In modern times, Japanese families usually display miniature Japanese armor and kabuto called Gogatsu Ningyo (May doll) on Children's Day. These dolls are usually made in the style of ō-yoroi or dō-maru popular in the Heian (794–1185) and Kamakura periods (1185–1333), which is more showy in appearance than the tōsei gusoku style armor of the Sengoku period. There are also kabuto made to fit the size of a boy's head that can actually be worn. The formal Gogatsu Ningyo is displayed on a tiered shelf with a yumi (bow), tachi (long sword), Japanese war fan, and jingasa (samurai hats).

Until the Edo period, samurai dolls were more common than miniature armor and kabuto, and the Japanese folk heroes Momotarō, Kintarō, Ushiwakamaru, Benkei, Emperor Jinmu, and Shoki were often chosen as subjects.

Kashiwa mochi (sticky rice cakes filled with red bean jam and wrapped in oak leaves) and chimaki (sticky sweet rice wrapped in an iris or bamboo leaf) are traditionally served on this day. The oak leaf used for kashiwa mochi is said to be a tree whose old leaves do not fall off until new leaves appear, and is considered a good-luck charm representing prosperity of offspring.
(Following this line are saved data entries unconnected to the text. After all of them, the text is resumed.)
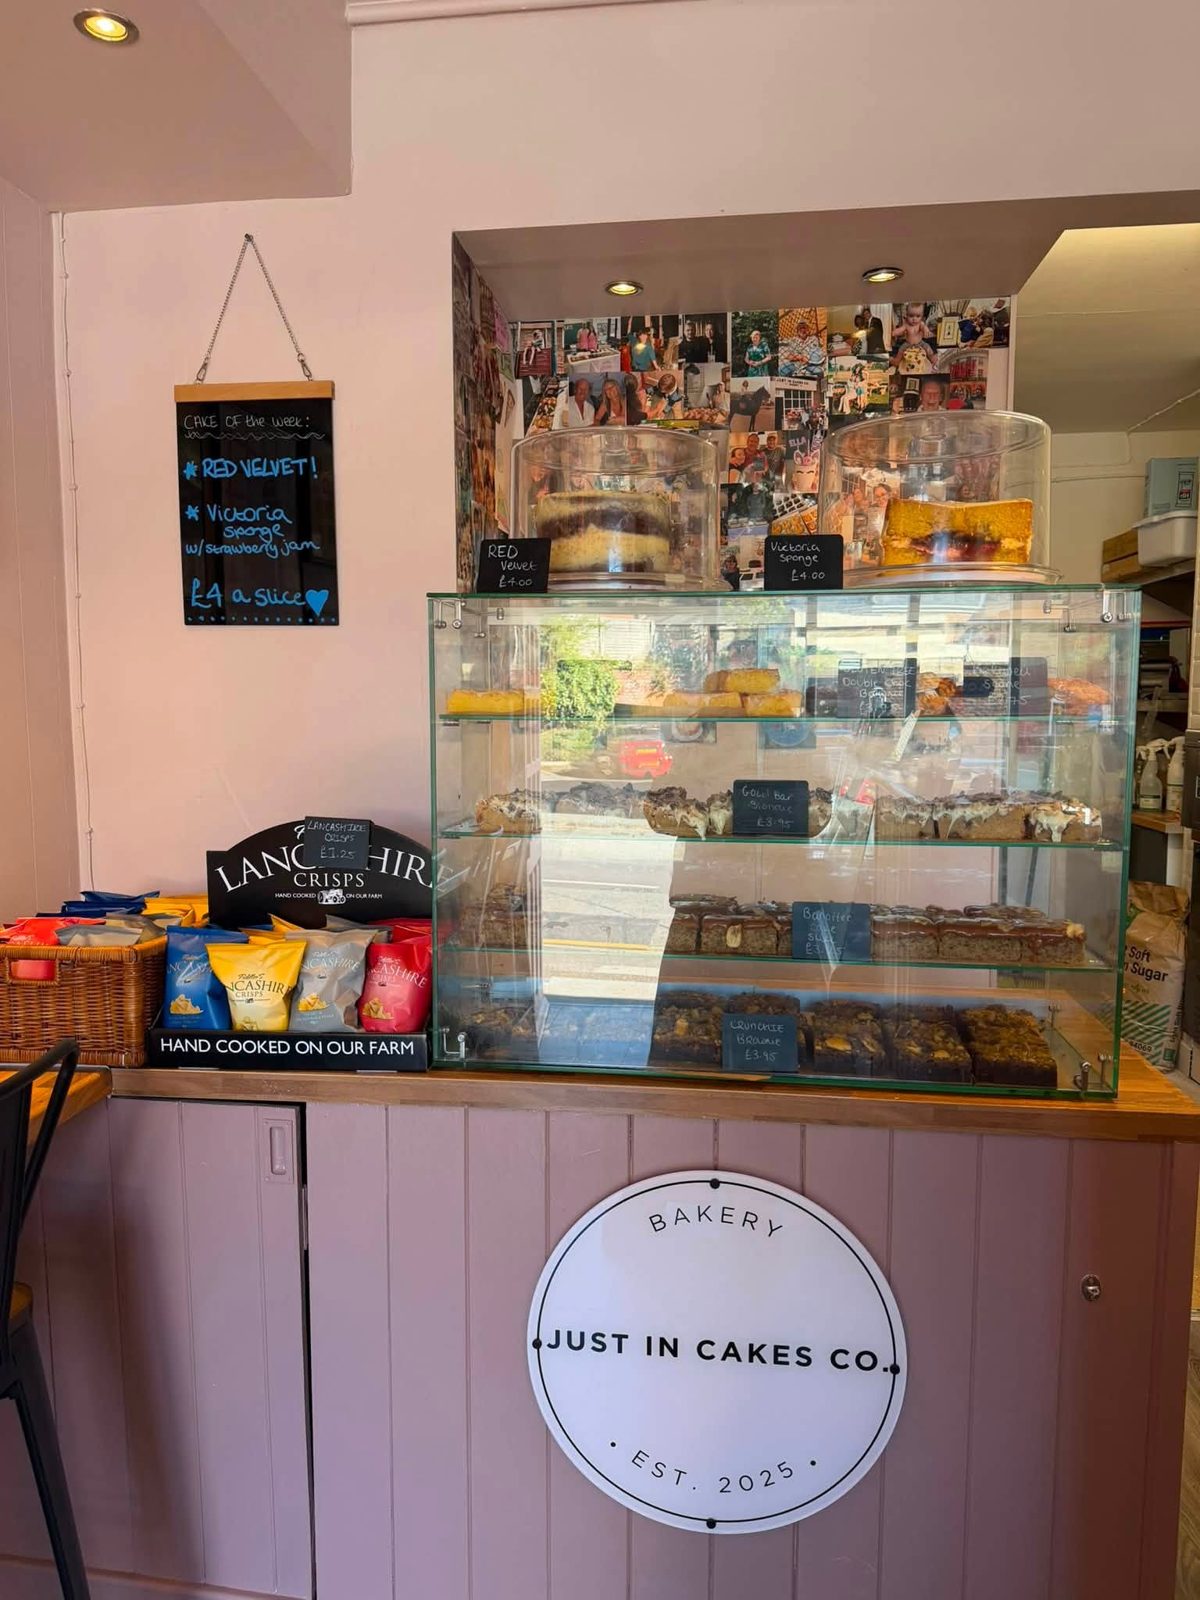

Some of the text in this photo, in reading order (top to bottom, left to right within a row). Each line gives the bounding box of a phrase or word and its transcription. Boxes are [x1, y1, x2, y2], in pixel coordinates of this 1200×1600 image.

[184, 414, 218, 429] CAKE
[225, 414, 243, 428] OF
[245, 413, 266, 428] the
[202, 457, 238, 478] RED
[206, 504, 294, 524] Victoria
[223, 524, 285, 543] sponge
[280, 538, 321, 558] jam
[487, 543, 519, 559] RED
[770, 541, 821, 552] Victoria
[190, 577, 225, 608] £4
[232, 587, 252, 605] a
[293, 872, 366, 888] CRISPS
[1128, 945, 1151, 963] Soft
[1130, 961, 1169, 982] Sugar
[160, 1038, 415, 1055] HAND COOKED ON OUR FARM
[744, 1049, 779, 1062] £3.95
[648, 1204, 784, 1239] BAKERY
[546, 1329, 890, 1373] JUST IN CAKES CO.
[631, 1449, 794, 1494] EST. 2025
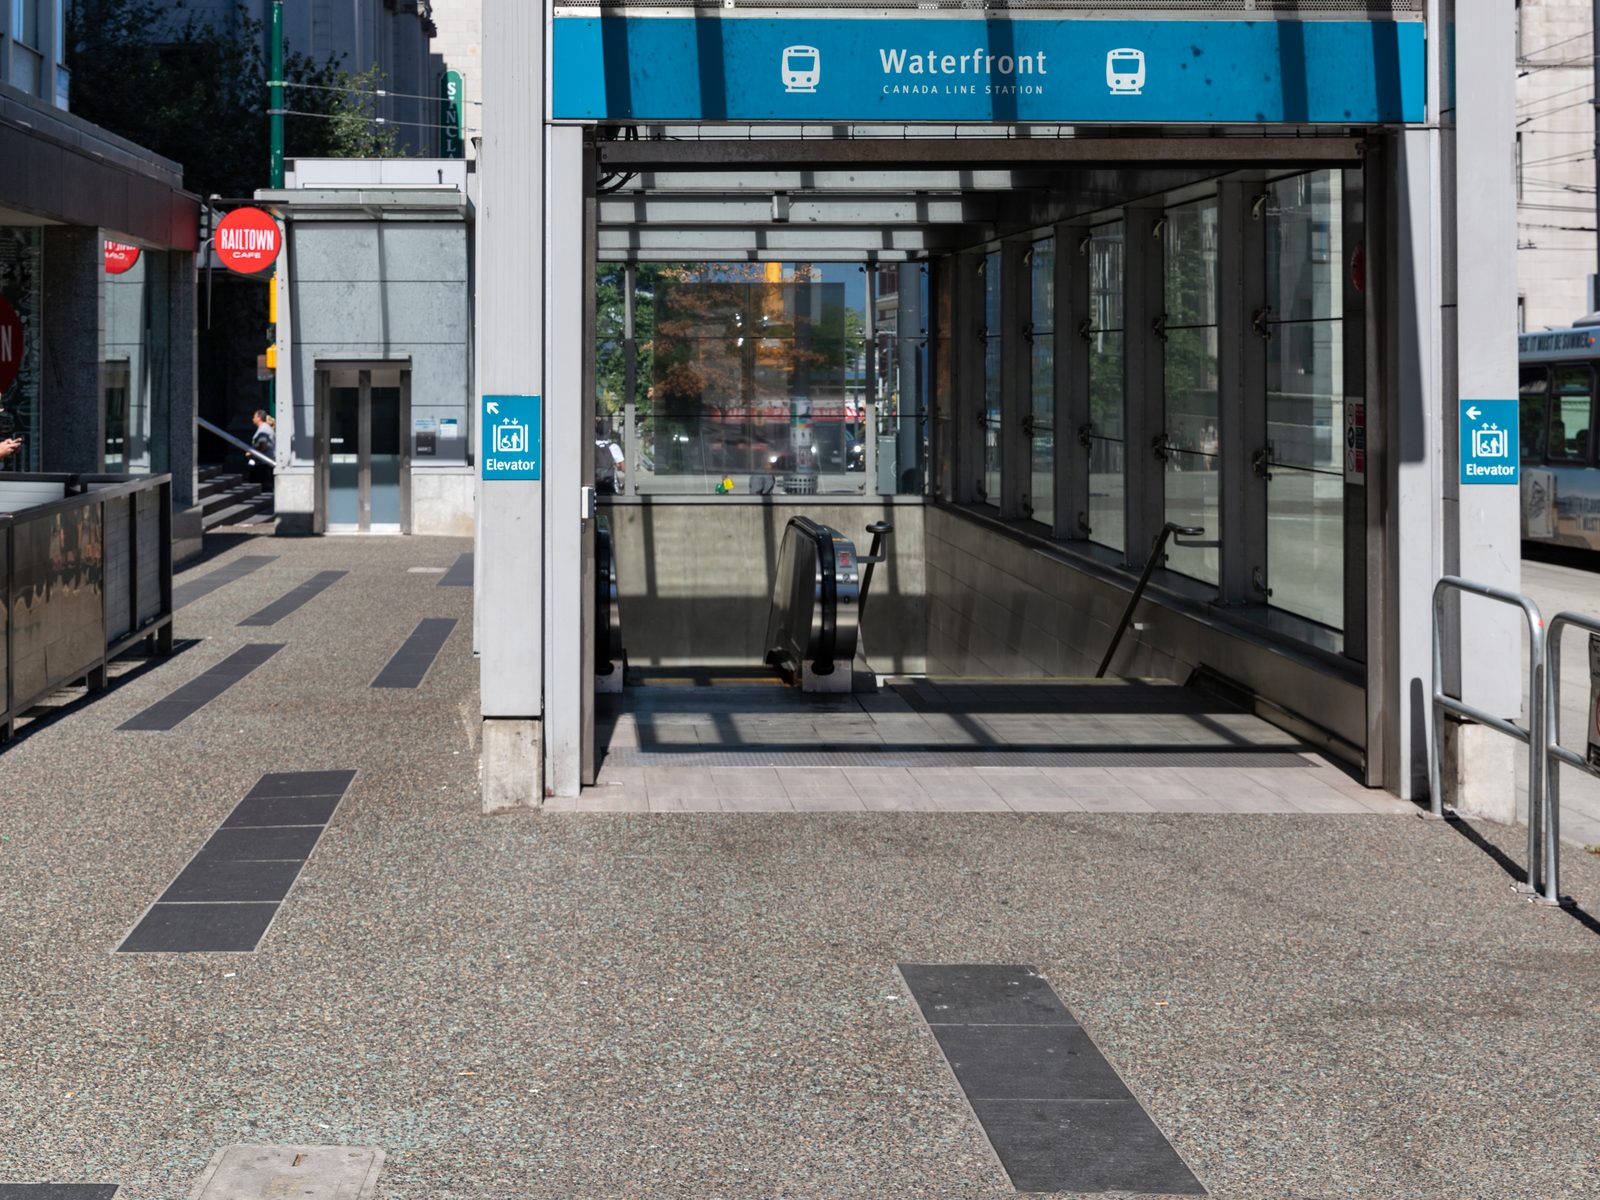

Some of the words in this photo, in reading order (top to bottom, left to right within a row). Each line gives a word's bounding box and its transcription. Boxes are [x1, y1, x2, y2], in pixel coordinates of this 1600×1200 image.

[879, 48, 1047, 75] Waterfront
[883, 85, 938, 95] CANADA
[945, 85, 976, 95] LINE
[985, 85, 1043, 95] STATION
[221, 228, 274, 251] RAILTOWN
[232, 251, 262, 259] CAFE
[486, 458, 535, 471] Elevator
[1466, 463, 1515, 476] Elevator
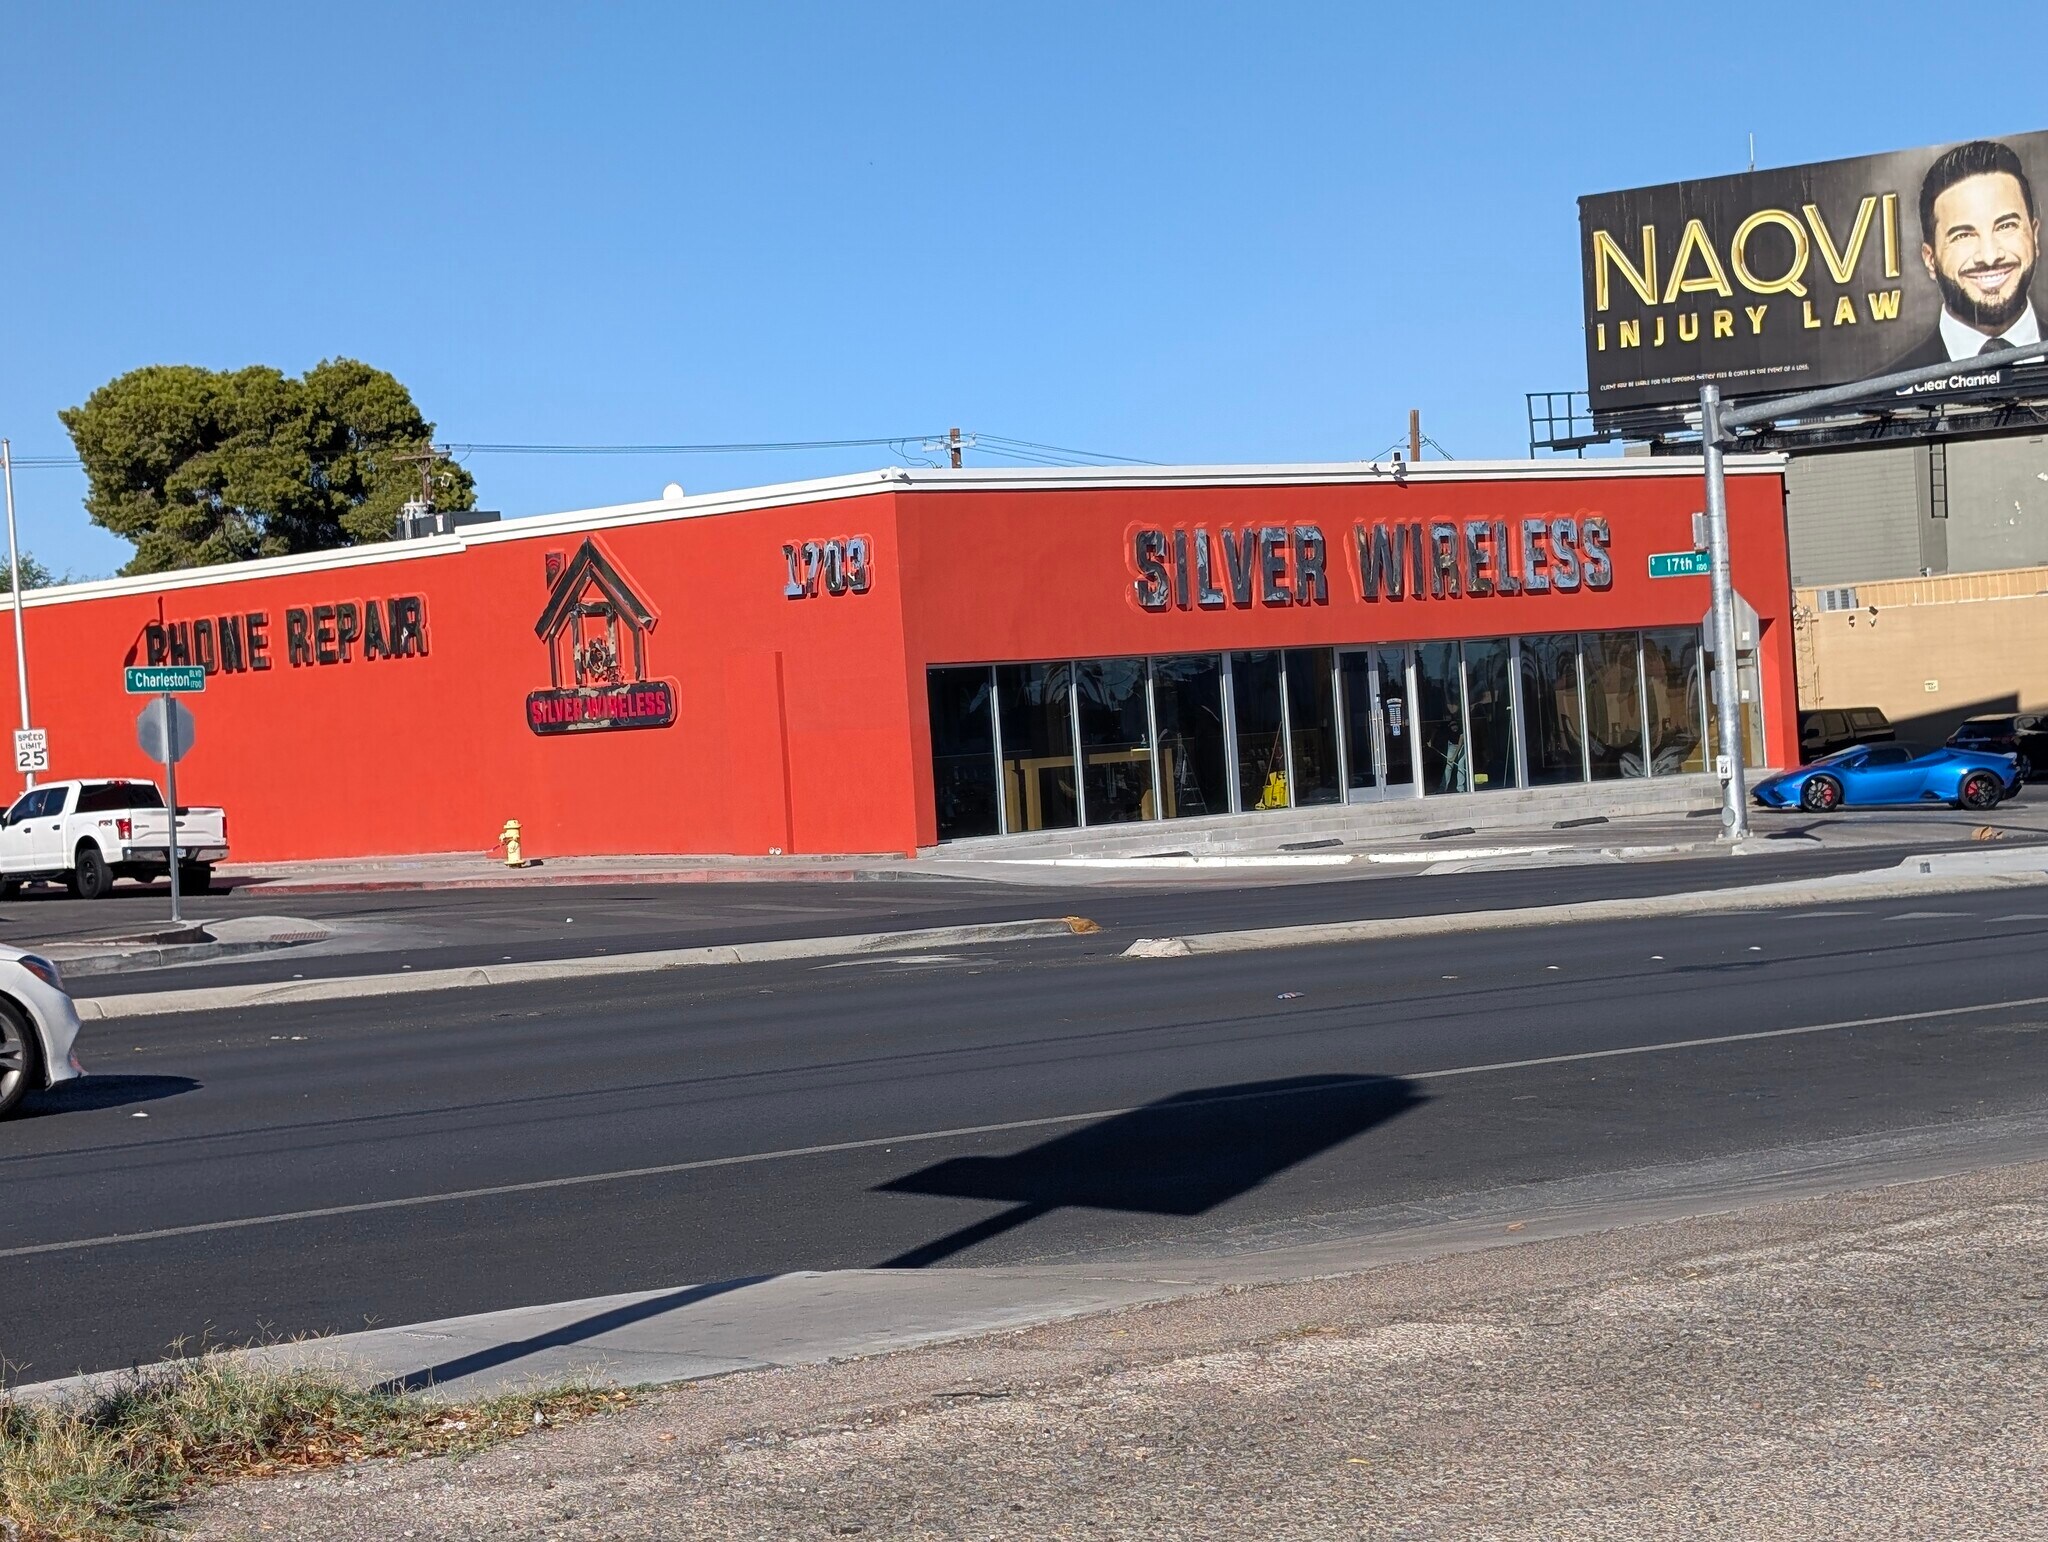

Since irises are believed to have medicinal properties and to ward off evil, they are used for various purposes on Children's Day. For example, people would take a bath with irises in the bathtub, soak thinly sliced iris roots or leaves in sake and drink it, or put irises in thin washi (Japanese traditional paper) before putting it in their pillows and going to bed.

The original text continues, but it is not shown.